WORK REQUIRED
Omit every picture, then give all the entries again exactly.

Items from a data source
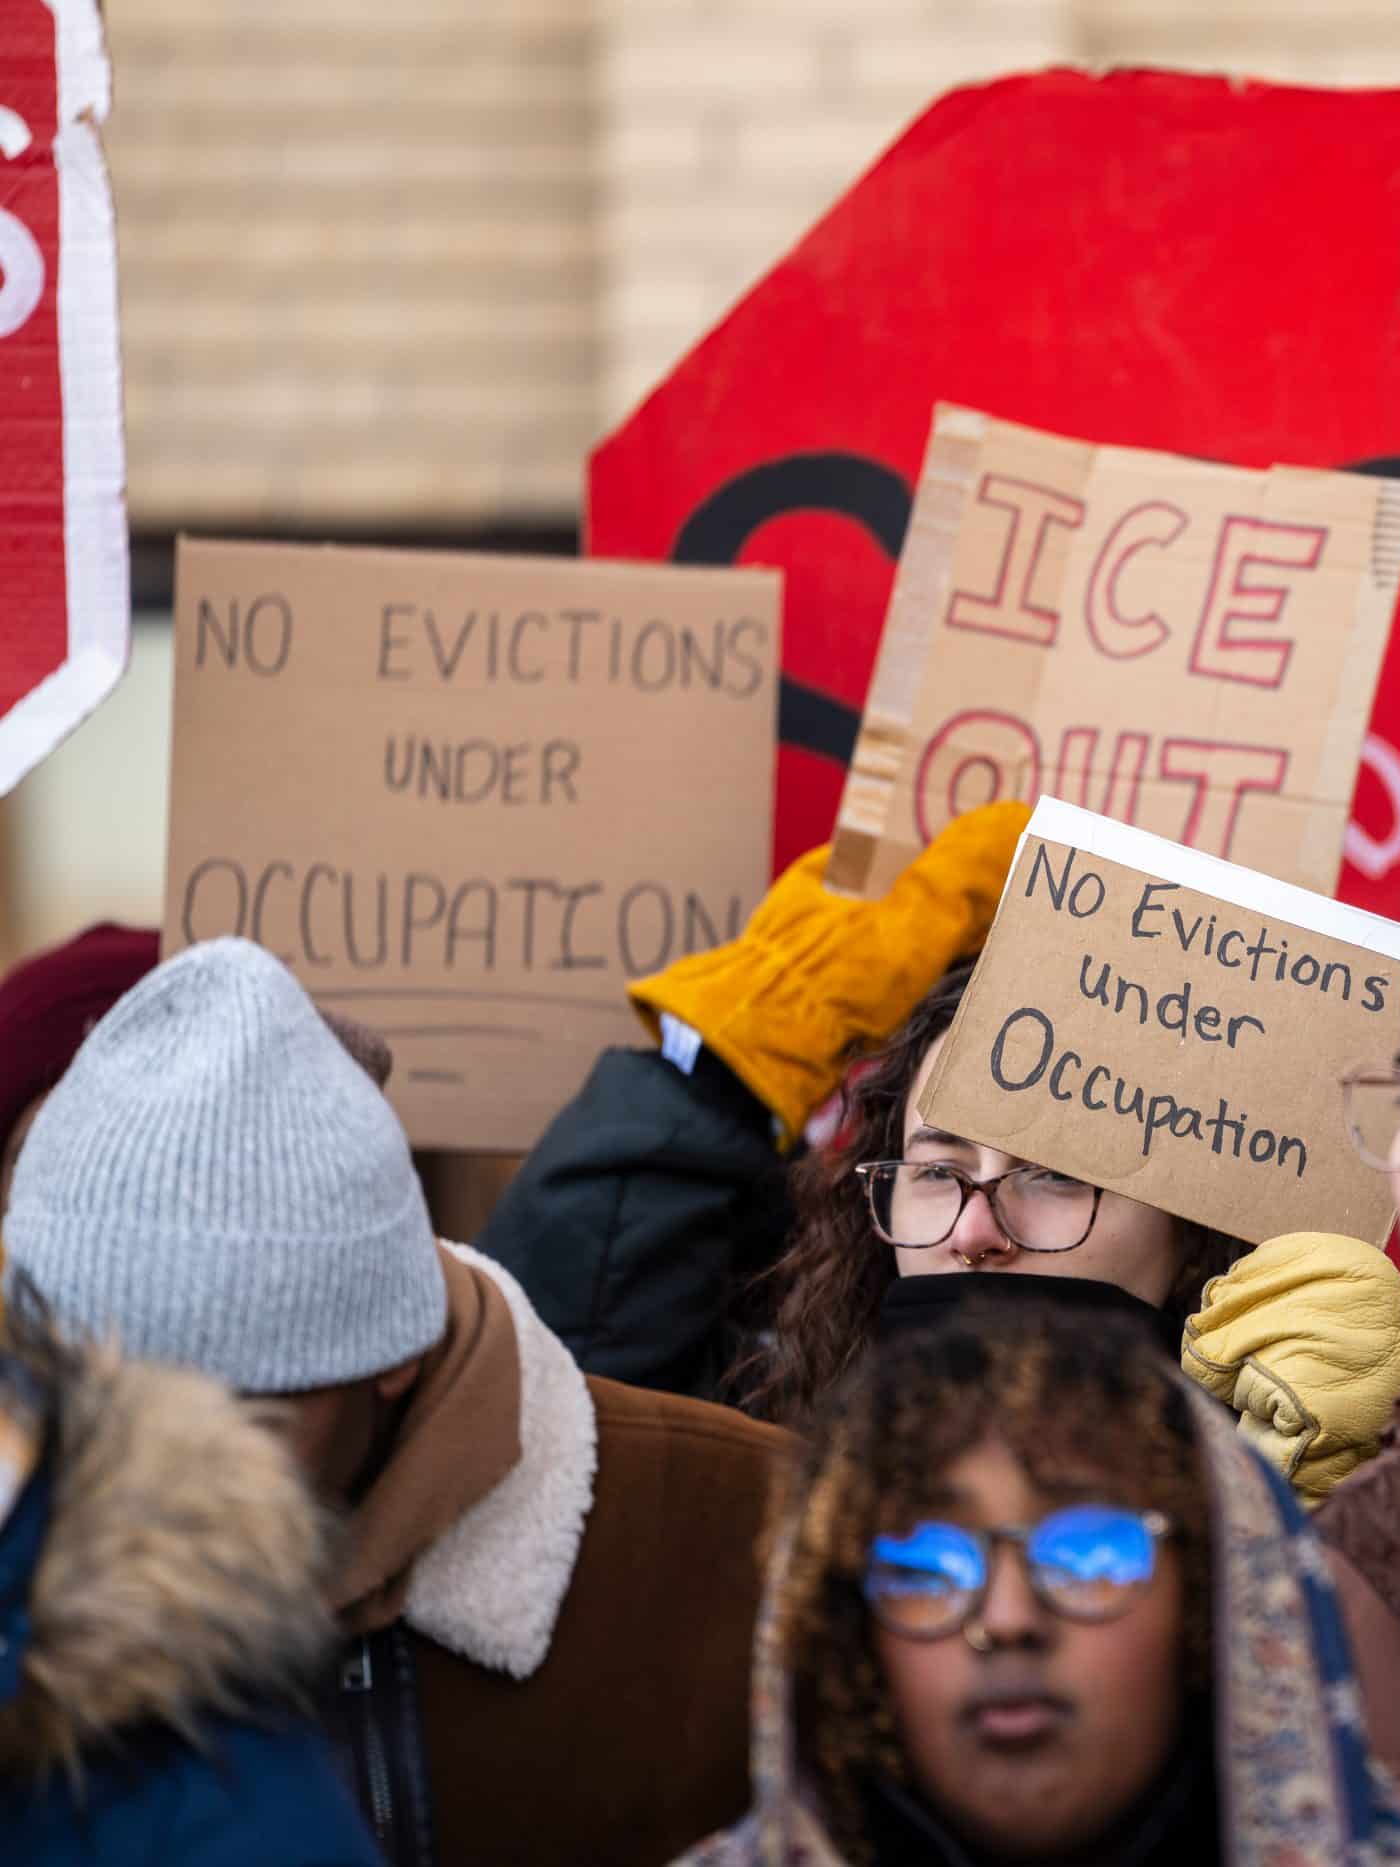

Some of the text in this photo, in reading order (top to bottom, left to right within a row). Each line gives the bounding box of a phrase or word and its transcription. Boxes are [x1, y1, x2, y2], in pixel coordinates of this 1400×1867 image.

[944, 473, 1329, 690] ICE
[194, 592, 770, 700] NO EVICTIONS
[383, 733, 582, 804] UNDER
[180, 856, 744, 978] OCCUPATION
[1024, 843, 1390, 1012] No Evictions
[1079, 954, 1265, 1048] under
[990, 1007, 1308, 1178] Occupation

COMPLETED TASK
Some of the text in this photo, in reading order (top to bottom, left to right within a row). Each line gives the bounding box of a phrase or word and its transcription. Boxes are [x1, y1, x2, y2], in pixel coordinates of this 1400×1867 image.

[944, 473, 1329, 690] ICE
[194, 592, 770, 700] NO EVICTIONS
[383, 733, 582, 804] UNDER
[180, 856, 744, 978] OCCUPATION
[1024, 843, 1390, 1012] No Evictions
[1079, 954, 1265, 1048] under
[990, 1007, 1308, 1178] Occupation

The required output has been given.